**REQUIRED WORK:** Please give back the listing exactly, without any of its pictures.

**EXTRACTED INFORMATION:**
+===+

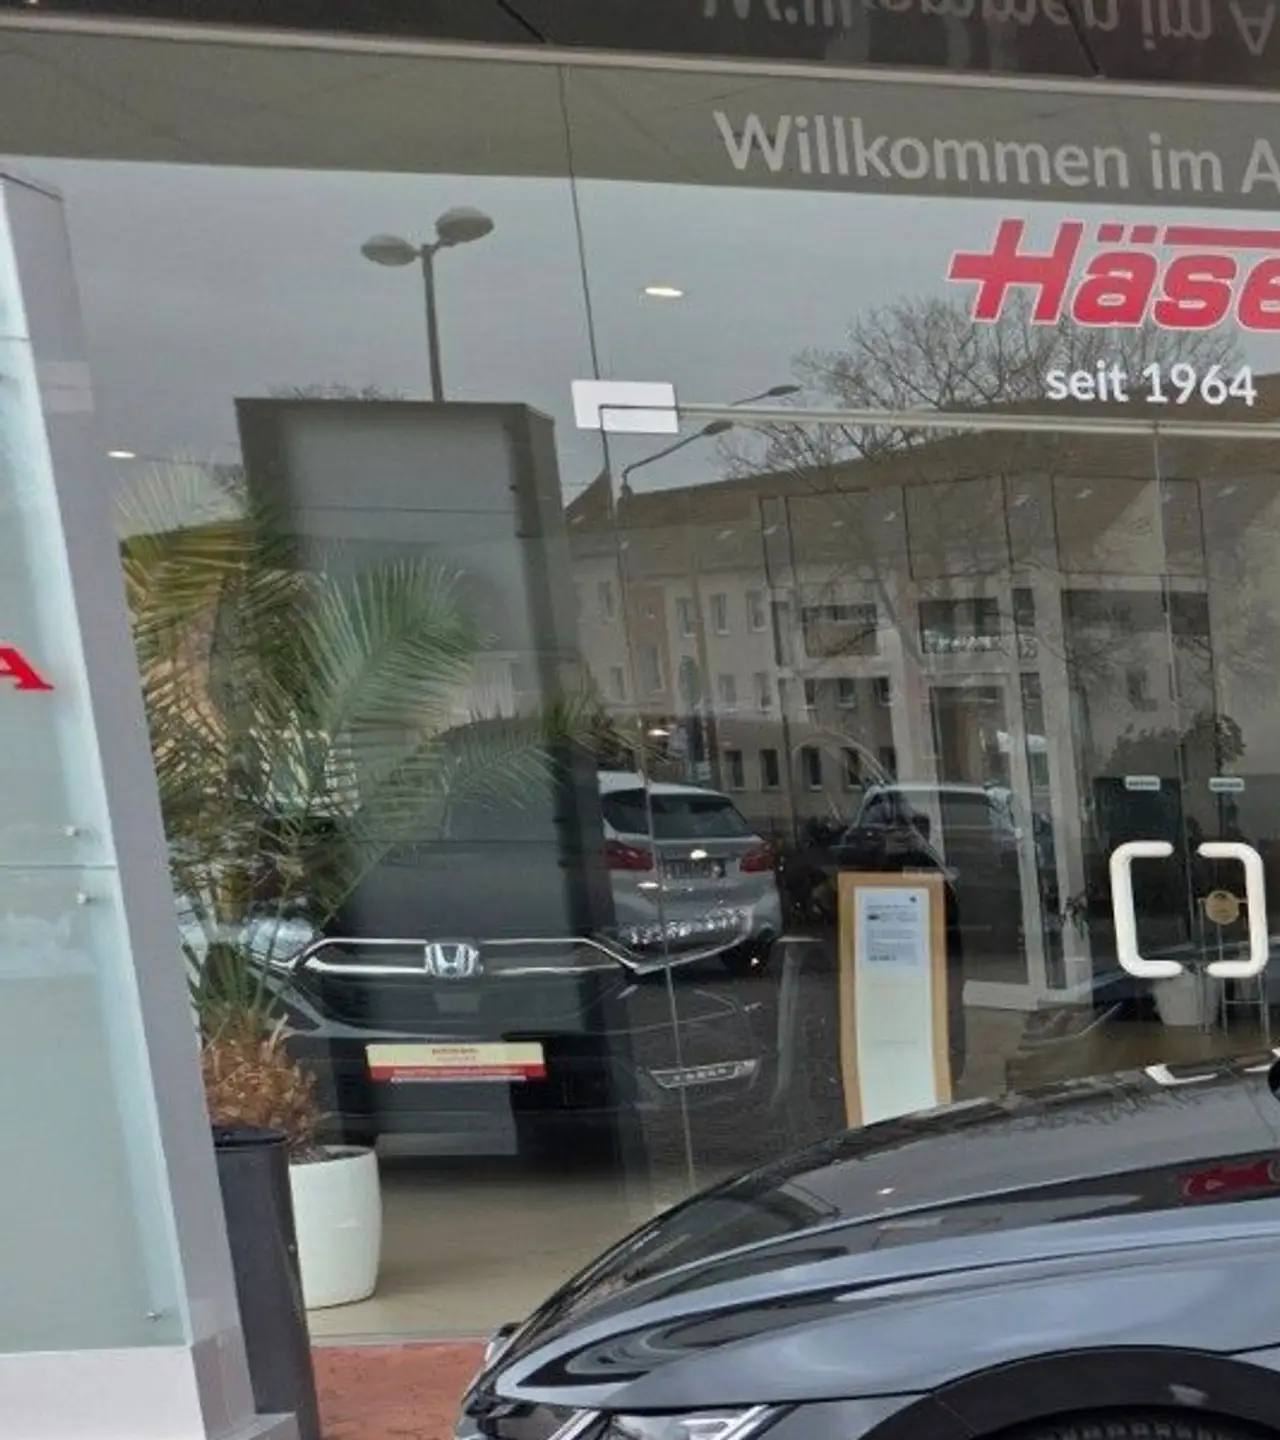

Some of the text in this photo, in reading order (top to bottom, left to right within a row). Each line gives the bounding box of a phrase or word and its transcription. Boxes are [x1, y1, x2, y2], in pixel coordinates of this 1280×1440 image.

[713, 110, 1130, 188] Willkommen
[1149, 132, 1223, 192] im
[1045, 360, 1257, 406] seit 1964
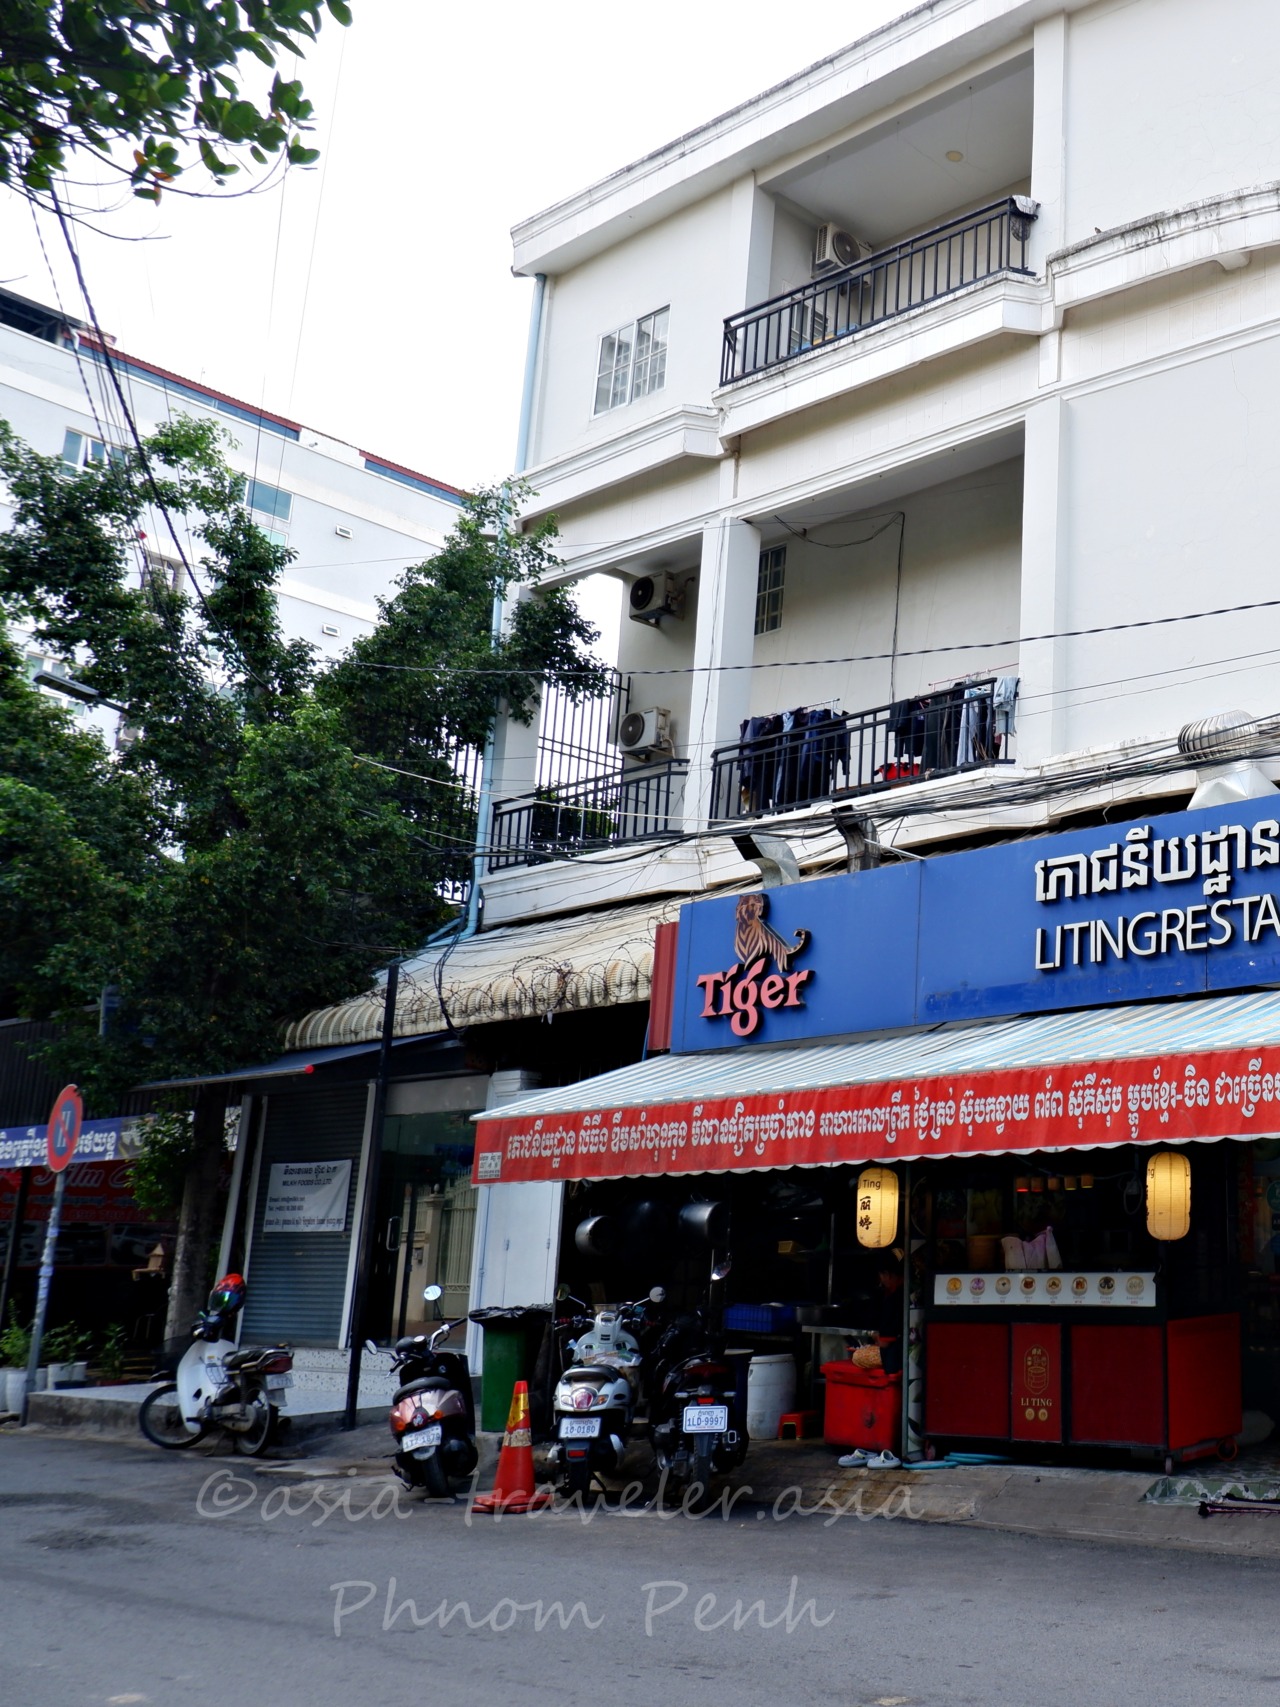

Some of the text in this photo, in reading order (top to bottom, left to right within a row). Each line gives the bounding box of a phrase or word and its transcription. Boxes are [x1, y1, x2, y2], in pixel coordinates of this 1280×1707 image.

[1034, 819, 1280, 902] ភោជនីយដ្ឋាន
[696, 956, 809, 1036] Tiger
[863, 1180, 881, 1190] Ting
[1020, 1397, 1052, 1407] LI TING
[687, 1416, 723, 1427] 1LD-9997
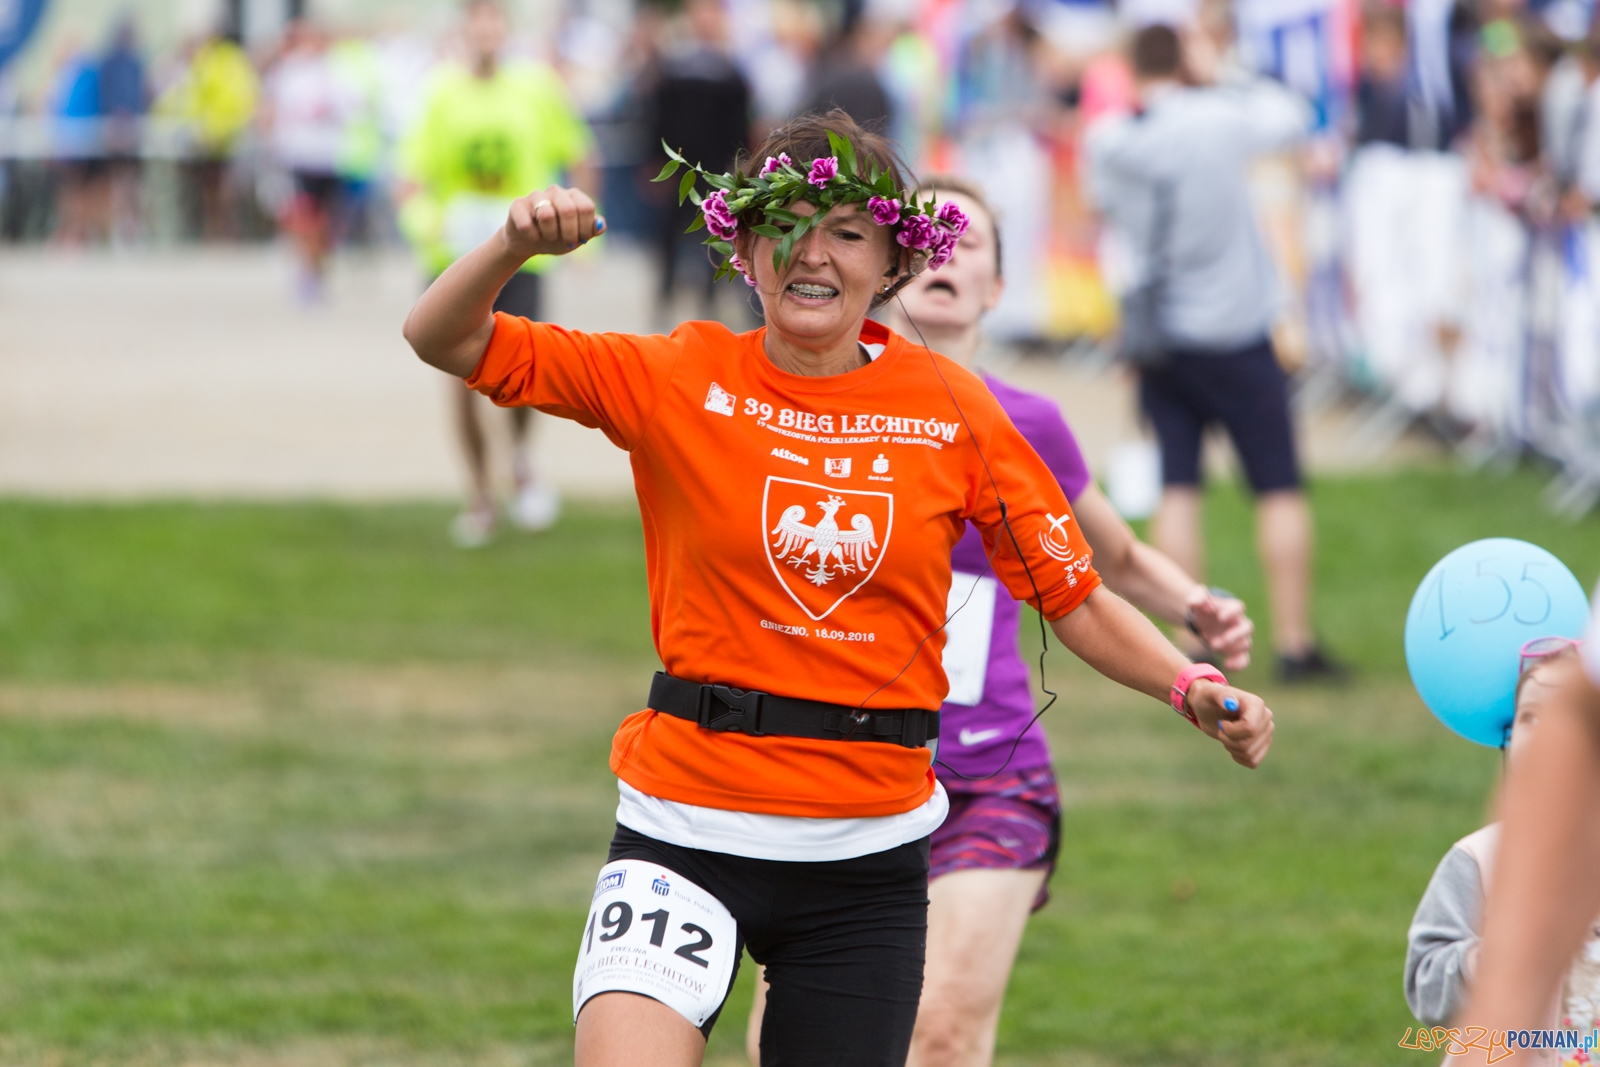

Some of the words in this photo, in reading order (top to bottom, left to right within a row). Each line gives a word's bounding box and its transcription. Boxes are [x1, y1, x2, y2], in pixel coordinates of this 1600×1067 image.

[743, 397, 774, 421] 39
[778, 408, 835, 434] BIEG
[840, 414, 960, 443] LECHITÓW
[766, 424, 816, 443] MISTRZOSTWA
[817, 436, 843, 444] POLSKI
[844, 435, 880, 444] LEKARZY
[882, 435, 890, 443] W
[760, 619, 809, 637] GNIEZNO,
[814, 628, 875, 642] 18.09.2016
[585, 901, 713, 969] 1912
[610, 946, 647, 955] EWELINA
[596, 955, 630, 969] BIEG
[633, 957, 708, 994] LECHITÓW

+===+

**OUTPUT FOR THIS EXERCISE:**
Some of the text in this photo, in reading order (top to bottom, left to right within a row). Each line gives the bounding box of a phrase or word and its transcription. Boxes are [x1, y1, x2, y2], in pixel coordinates of this 1280×1440 image.

[713, 110, 1130, 188] Willkommen
[1149, 132, 1223, 192] im
[1045, 360, 1257, 406] seit 1964

Some of the text in this photo, in reading order (top to bottom, left to right within a row). Each line gives the bounding box of a phrase or word and its transcription. Boxes are [x1, y1, x2, y2], in pixel coordinates of this 1280×1707 image.

[1034, 819, 1280, 902] ភោជនីយដ្ឋាន
[696, 956, 809, 1036] Tiger
[863, 1180, 881, 1190] Ting
[1020, 1397, 1052, 1407] LI TING
[687, 1416, 723, 1427] 1LD-9997

Some of the words in this photo, in reading order (top to bottom, left to right within a row). Each line gives a word's bounding box and its transcription. Boxes are [x1, y1, x2, y2], in pixel coordinates of this 1600×1067 image.

[743, 397, 774, 421] 39
[778, 408, 835, 434] BIEG
[840, 414, 960, 443] LECHITÓW
[766, 424, 816, 443] MISTRZOSTWA
[817, 436, 843, 444] POLSKI
[844, 435, 880, 444] LEKARZY
[882, 435, 890, 443] W
[760, 619, 809, 637] GNIEZNO,
[814, 628, 875, 642] 18.09.2016
[585, 901, 713, 969] 1912
[610, 946, 647, 955] EWELINA
[596, 955, 630, 969] BIEG
[633, 957, 708, 994] LECHITÓW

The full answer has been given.